E. M. : D’abord, il n’en n’a pas été l’inventeur. Parmi ses prédécesseurs, il faut citer surtout les mathématiciens français Emile Borel et hongrois John von Neumann. Il y eût deux principaux apports de Nash à leurs travaux. En 1950, il découvrit une solution axiomatique élégante pour traiter le marchandage, c’est-à-dire le jeu dans lequel deux agents ont intérêt à s’entendre mais ont alors à décider du partage entre eux du bénéfice qu’ils en retirent. C’est le cas le plus simple du jeu coopératif. En 1951, Nash définit un concept général de solution pour les jeux non-coopératifs, ceux typiques des situations dans lesquelles beaucoup de joueurs agissent simultanément dans un contexte où ils apparaissent comme à peu près anonymes. C’est le cas des acheteurs ou même des vendeurs sur un vaste marché. Ce concept est appelé depuis lors "équilibre de Nash".

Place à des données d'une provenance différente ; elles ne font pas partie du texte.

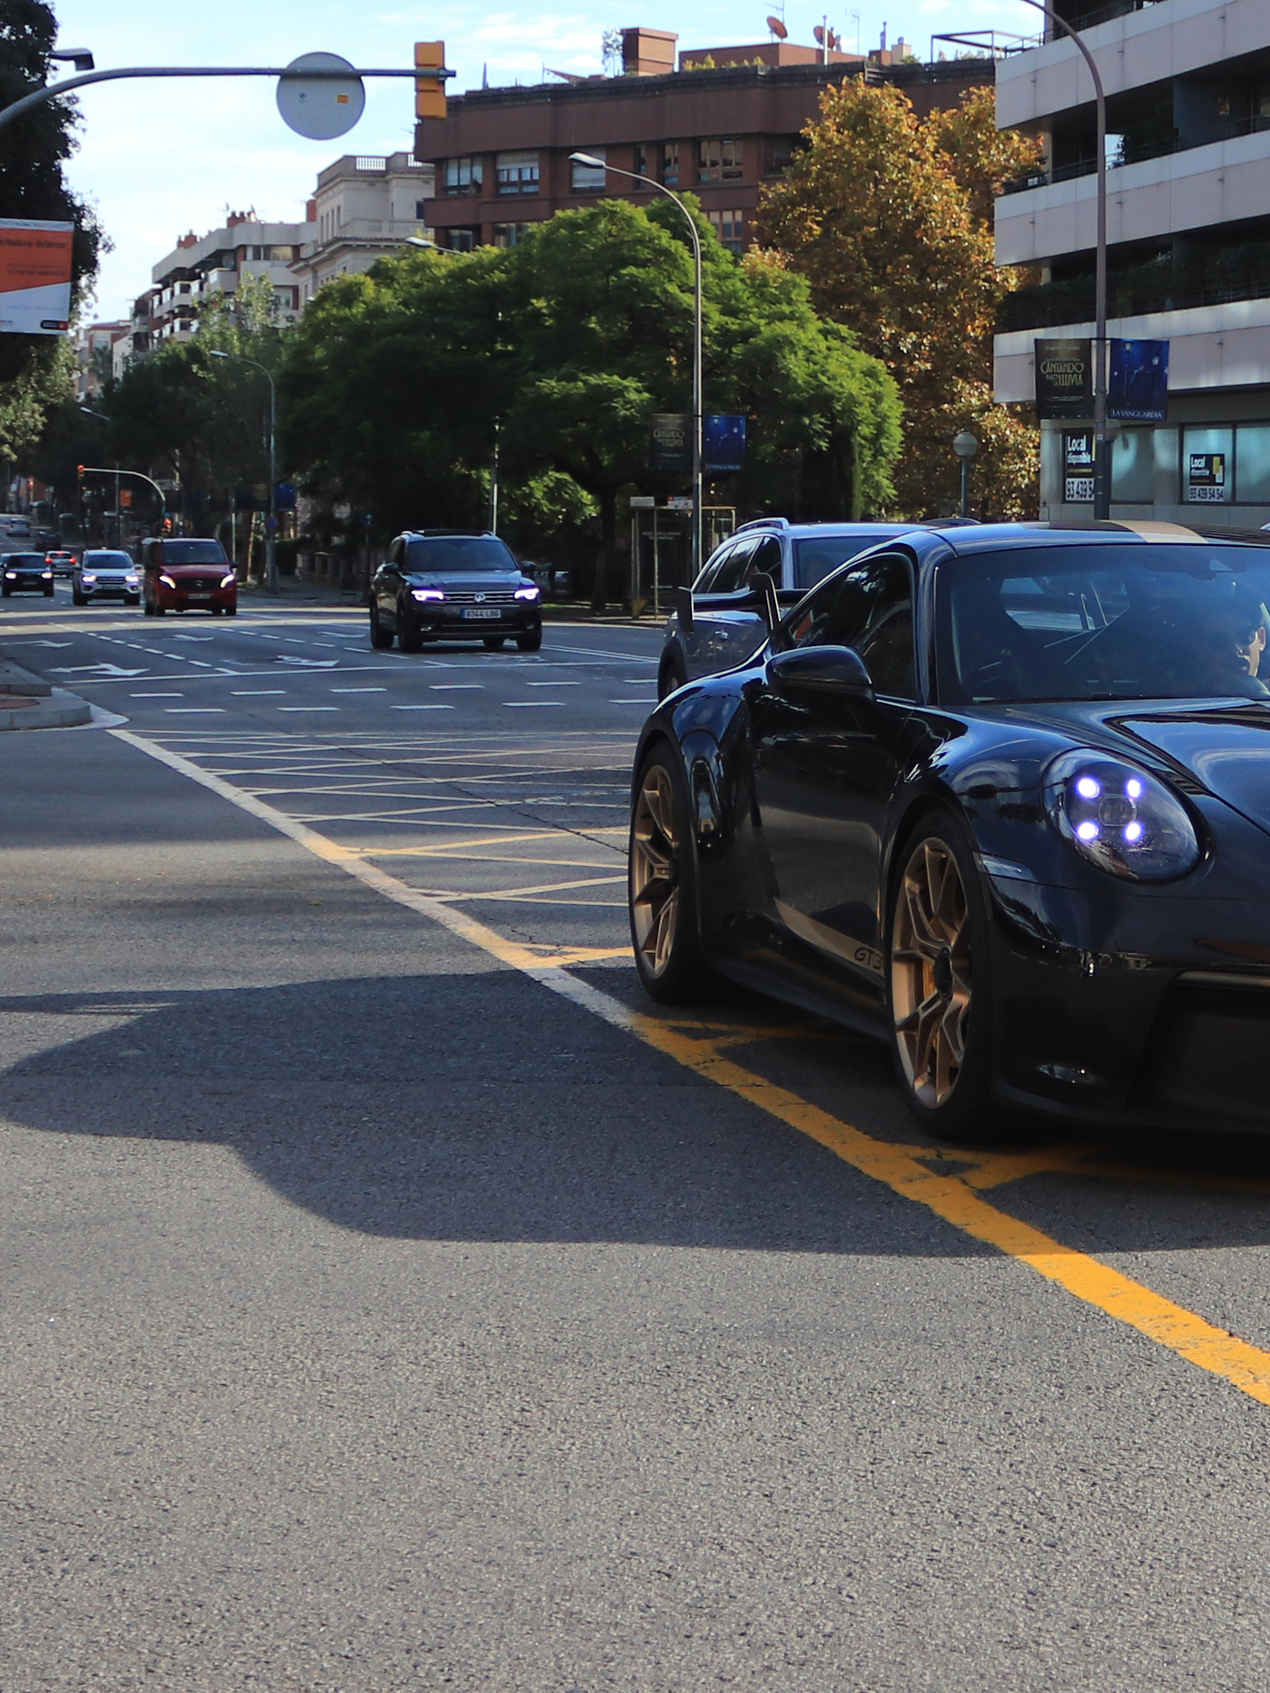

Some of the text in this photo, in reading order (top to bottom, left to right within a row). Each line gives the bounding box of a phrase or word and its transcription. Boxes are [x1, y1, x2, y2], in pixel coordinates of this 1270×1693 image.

tf1.fr : En quoi ces apports ont révolutionné la théorie économique ?
E. M. : Depuis 50 ans se poursuivait la recherche économique sur des situations de plus en plus variées, impliquant des structures diverses d’interdépendance entre agents économiques, impliquant aussi des risques, des incertitudes, des asymétries d’information. L’équilibre de Nash, surtout, s’est avéré, sous des formes toujours renouvelées, comme un concept utile, éclairant, souvent même indispensable.
tf1.fr : Ses théories ont-elles eu des applications concrètes ?
E. M. : Elles ont eu énormément d’applications mais très indirectes. Disons qu’elles ont permis de mieux comprendre le fonctionnement des oligopoles, jouant un rôle dans la réglementation de la concurrence.
tf1.fr : Avez-vous déjà rencontré Nash ?
E. M. : Oui, plusieurs fois, à l’occasion de réunions et de colloques. Comme beaucoup de chercheurs imaginatifs, il était très fantasque. Il a refait surface il y a quelques temps (après 30 ans de schizophrénie, NDLR). J’ai passé une semaine avec lui l’été dernier. Ce n’est plus le même homme. Les traitements l’ont beaucoup affecté. Aujourd’hui, il travaille sur des cas de jeux comportant trois ou quatre joueurs. Ce sont des cas très difficiles à trouver.